Storage size of derived-type larger than the sum of storage sizes of individual components

Storage size of derived-type larger than the sum of storage sizes of individual components

Hi,

I've just notice a strange behavior of the fortran 2008 "storage_size" procedure when applied to simple derived-type variables.

If a derived-type is defined with only scalar variables, then the storage size of this derived-type is larger than the sum of the storage sizes of each individual components.

The above program,

Program Main

	  implicit none

	  type          ::      My_Type

	    logical     ::      l0

	    integer     ::      i0

	    real(4)     ::      s0

	    real(8)     ::      d0

	  end type

	  type(My_Type) ::      Var

	  write(*,"('Starting')")

	  write(*,"('Storage_Size(Var%l0)    = ',g0)") Storage_Size(Var%l0)

	  write(*,"('Storage_Size(Var%i0)    = ',g0)") Storage_Size(Var%i0)

	  write(*,"('Storage_Size(Var%s0)    = ',g0)") Storage_Size(Var%s0)

	  write(*,"('Storage_Size(Var%d0)    = ',g0)") Storage_Size(Var%d0)

	  write(*,"('SUM Storage_Size(Var%*) = ',g0)") Storage_Size(Var%l0) + Storage_Size(Var%i0) +Storage_Size(Var%s0) + Storage_Size(Var%d0)

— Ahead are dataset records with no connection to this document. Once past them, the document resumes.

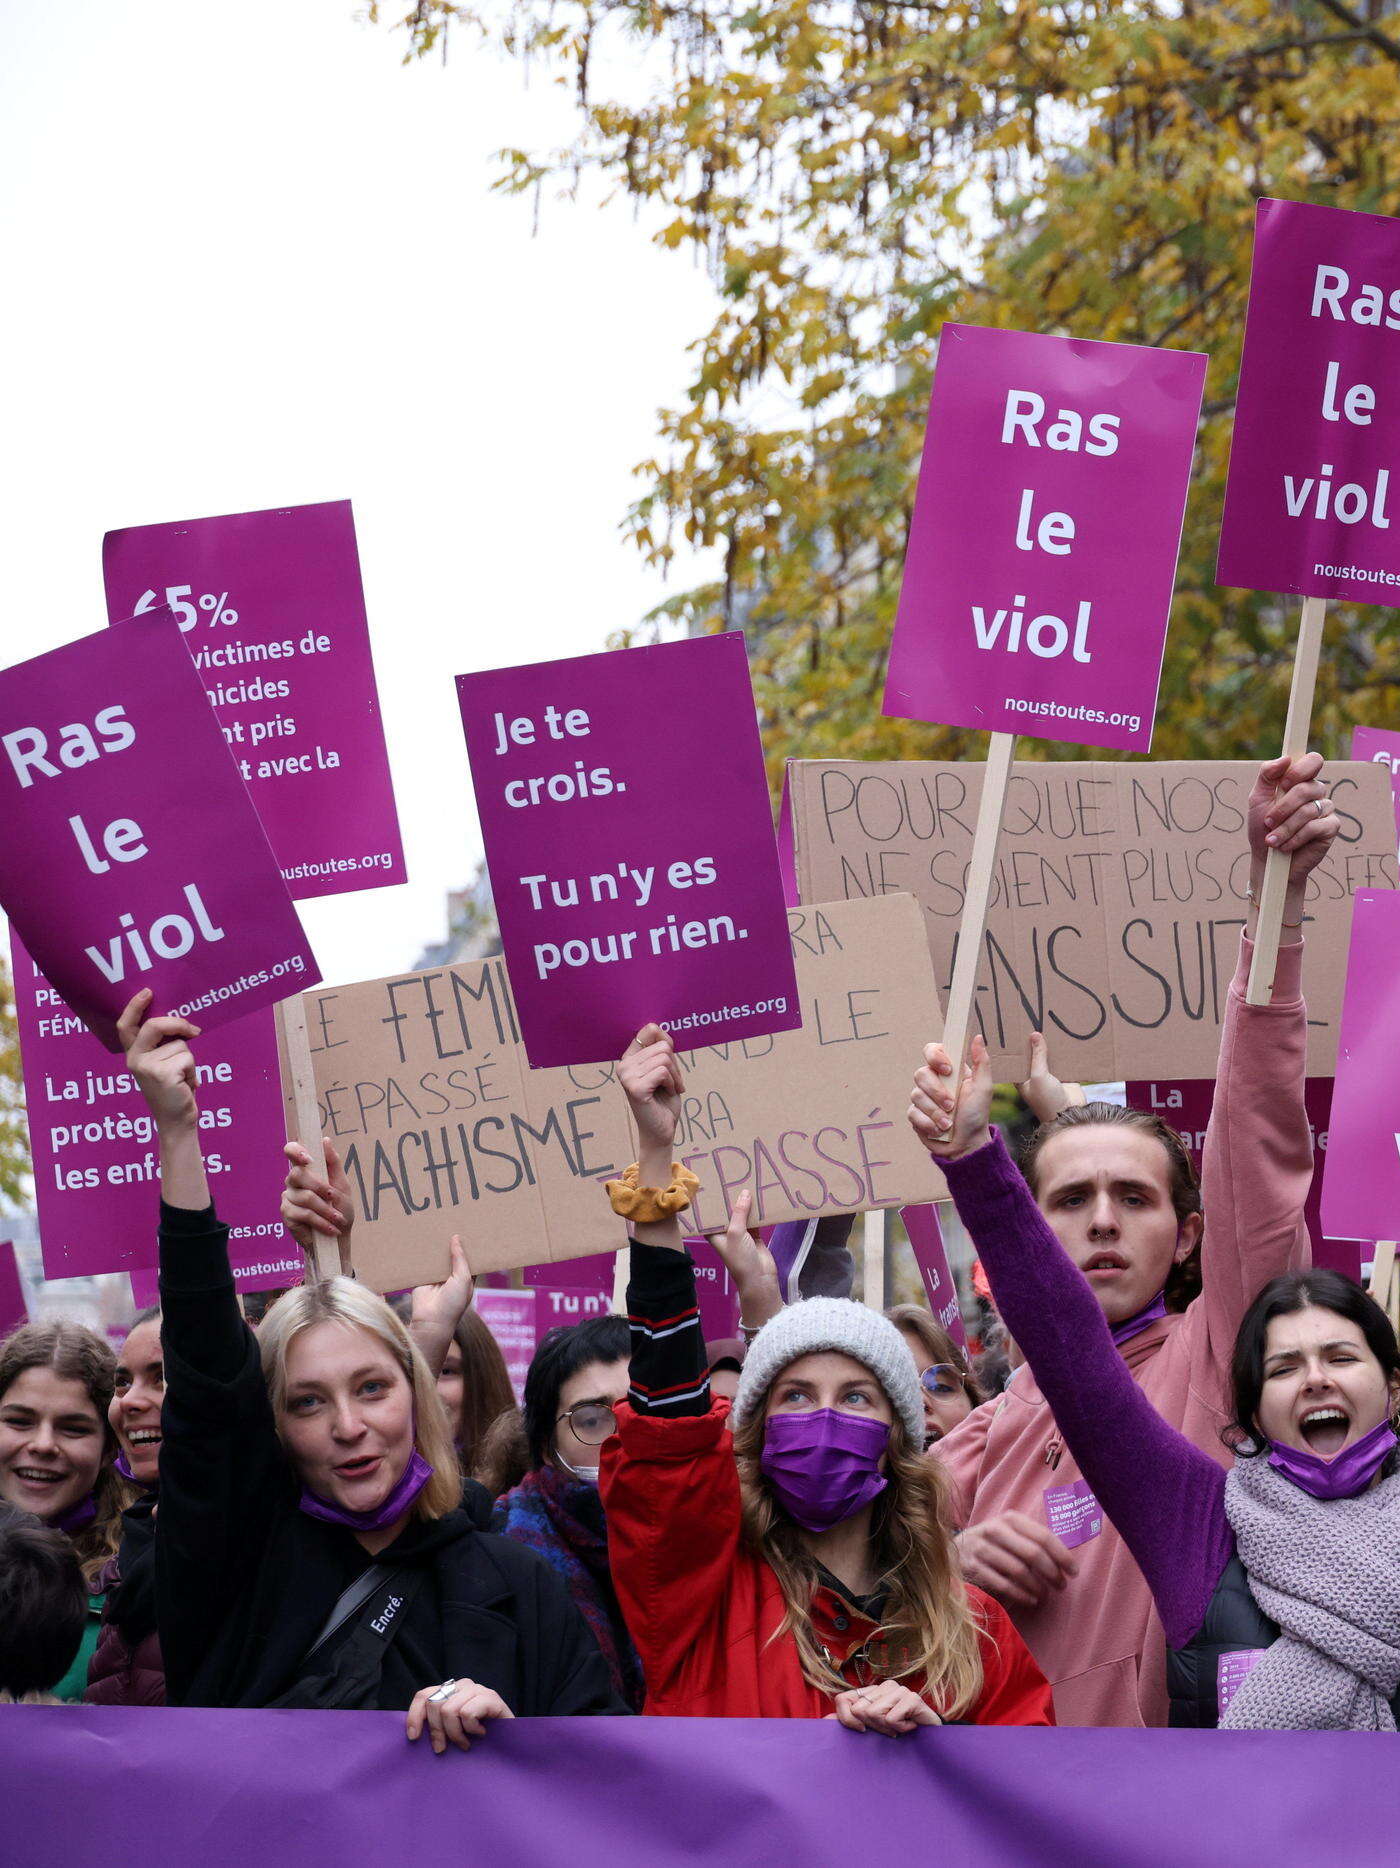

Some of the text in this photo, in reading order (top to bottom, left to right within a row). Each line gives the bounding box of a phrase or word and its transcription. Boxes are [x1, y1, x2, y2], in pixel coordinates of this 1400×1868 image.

[1321, 362, 1376, 426] le
[1001, 390, 1121, 457] Ras
[1283, 464, 1390, 529] viol
[1015, 489, 1076, 556] le
[192, 630, 332, 670] victimes de
[971, 595, 1092, 664] viol
[206, 676, 290, 707] nicides
[1004, 698, 1141, 733] noustoutes.org
[1, 705, 137, 789] Ras
[250, 714, 297, 746] pris
[494, 705, 591, 755] Je te
[257, 754, 313, 779] avec
[315, 746, 341, 771] la
[504, 761, 627, 809] crois.
[821, 770, 974, 844] POUR
[1132, 777, 1245, 837] NOS
[69, 815, 149, 876] le
[519, 855, 718, 911] Tu n'y es
[1123, 848, 1222, 908] PLUS
[85, 883, 226, 985] viol
[532, 914, 749, 981] pour rien.
[659, 995, 787, 1034] oustoutes.org
[814, 989, 889, 1046] LE
[45, 1075, 80, 1103] La
[195, 1061, 233, 1085] ne
[1150, 1083, 1183, 1109] La
[50, 1106, 233, 1154] protèg as
[54, 1163, 101, 1191] les
[549, 1292, 579, 1313] Tu
[370, 1595, 404, 1634] Encré.
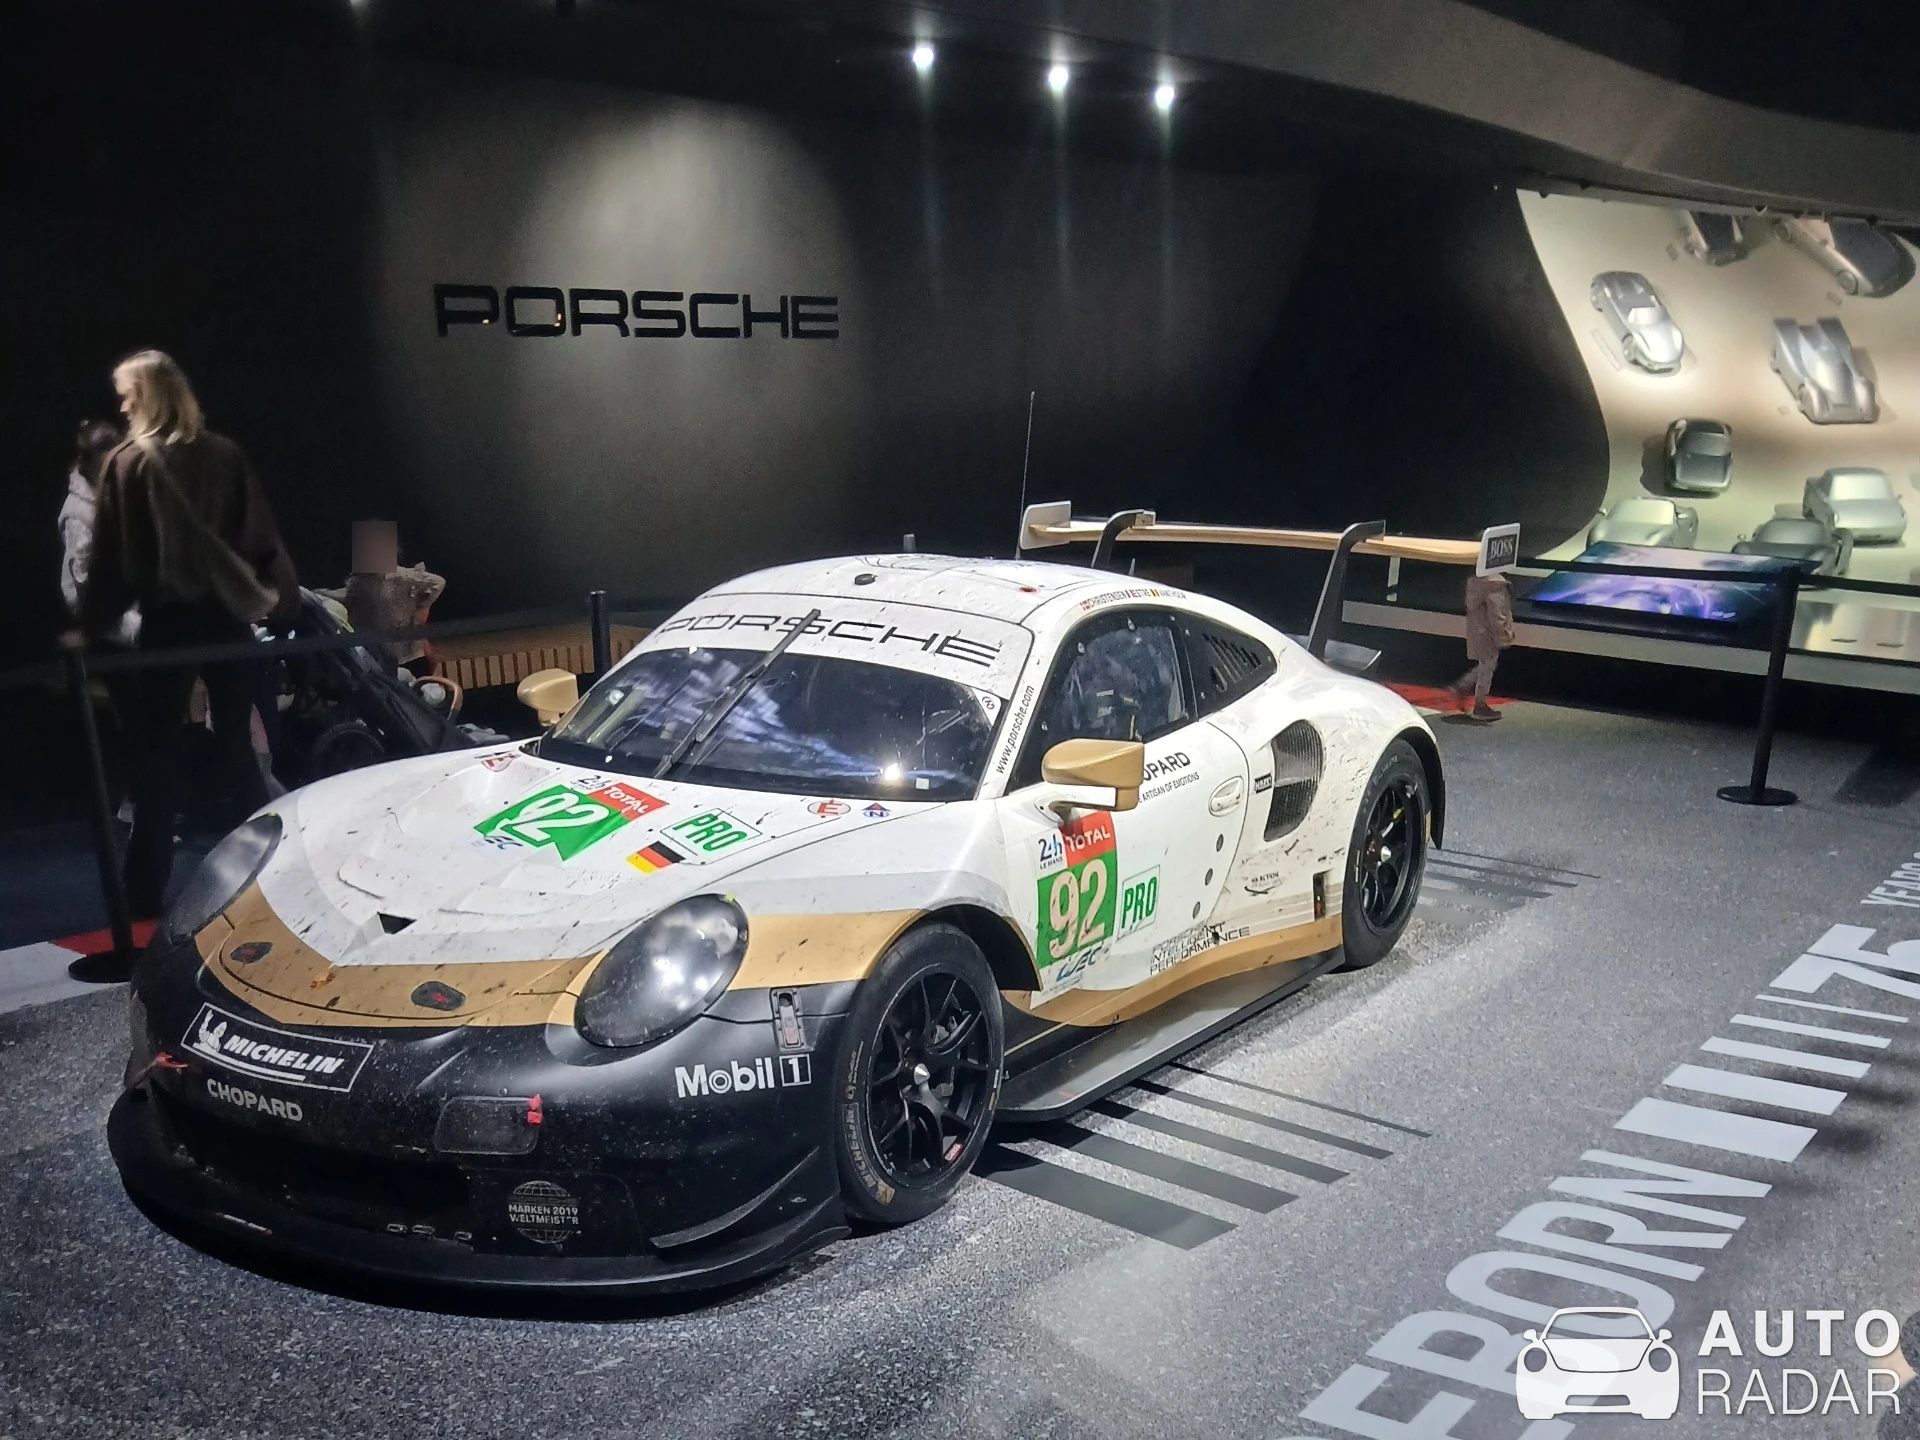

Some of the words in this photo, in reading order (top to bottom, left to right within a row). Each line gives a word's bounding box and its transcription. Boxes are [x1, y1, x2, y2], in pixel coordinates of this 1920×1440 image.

[433, 284, 840, 339] PORSCHE
[1490, 538, 1513, 560] BOSS
[659, 614, 1001, 667] PORSCHE
[996, 685, 1035, 775] www.porsche.com
[603, 786, 651, 814] TOTAL
[1142, 786, 1166, 802] ARTISAN
[1165, 782, 1173, 793] OF
[1173, 772, 1200, 790] EMOTIONS
[485, 793, 609, 841] 92
[672, 813, 747, 851] PRO
[1065, 825, 1111, 853] TOTAL
[1049, 859, 1107, 959] 92
[1121, 877, 1157, 929] PRO
[1150, 926, 1250, 976] PERFORMANCE
[223, 1035, 345, 1074] MICHELIN
[674, 1057, 775, 1098] Mobil
[207, 1078, 303, 1122] CHOPARD
[846, 1108, 876, 1188] MICHELIN
[508, 1204, 550, 1214] MARKEN
[553, 1206, 578, 1216] 2019

	  write(*,"('Storage_Size(Var)       = ',g0)") Storage_Size(Var)

	  write(*,"('Ending')")

	End Program

gives the following result:

$ ifort main.f90; ./a.out

	Starting

	Storage_Size(Var%l0)    = 32

	Storage_Size(Var%i0)    = 32

	Storage_Size(Var%s0)    = 32

	Storage_Size(Var%d0)    = 64

	SUM Storage_Size(Var%*) = 160

	Storage_Size(Var)       = 192

	Ending

Why such a behavior ? Is there some hidden data stored somewhere in the derived-type ?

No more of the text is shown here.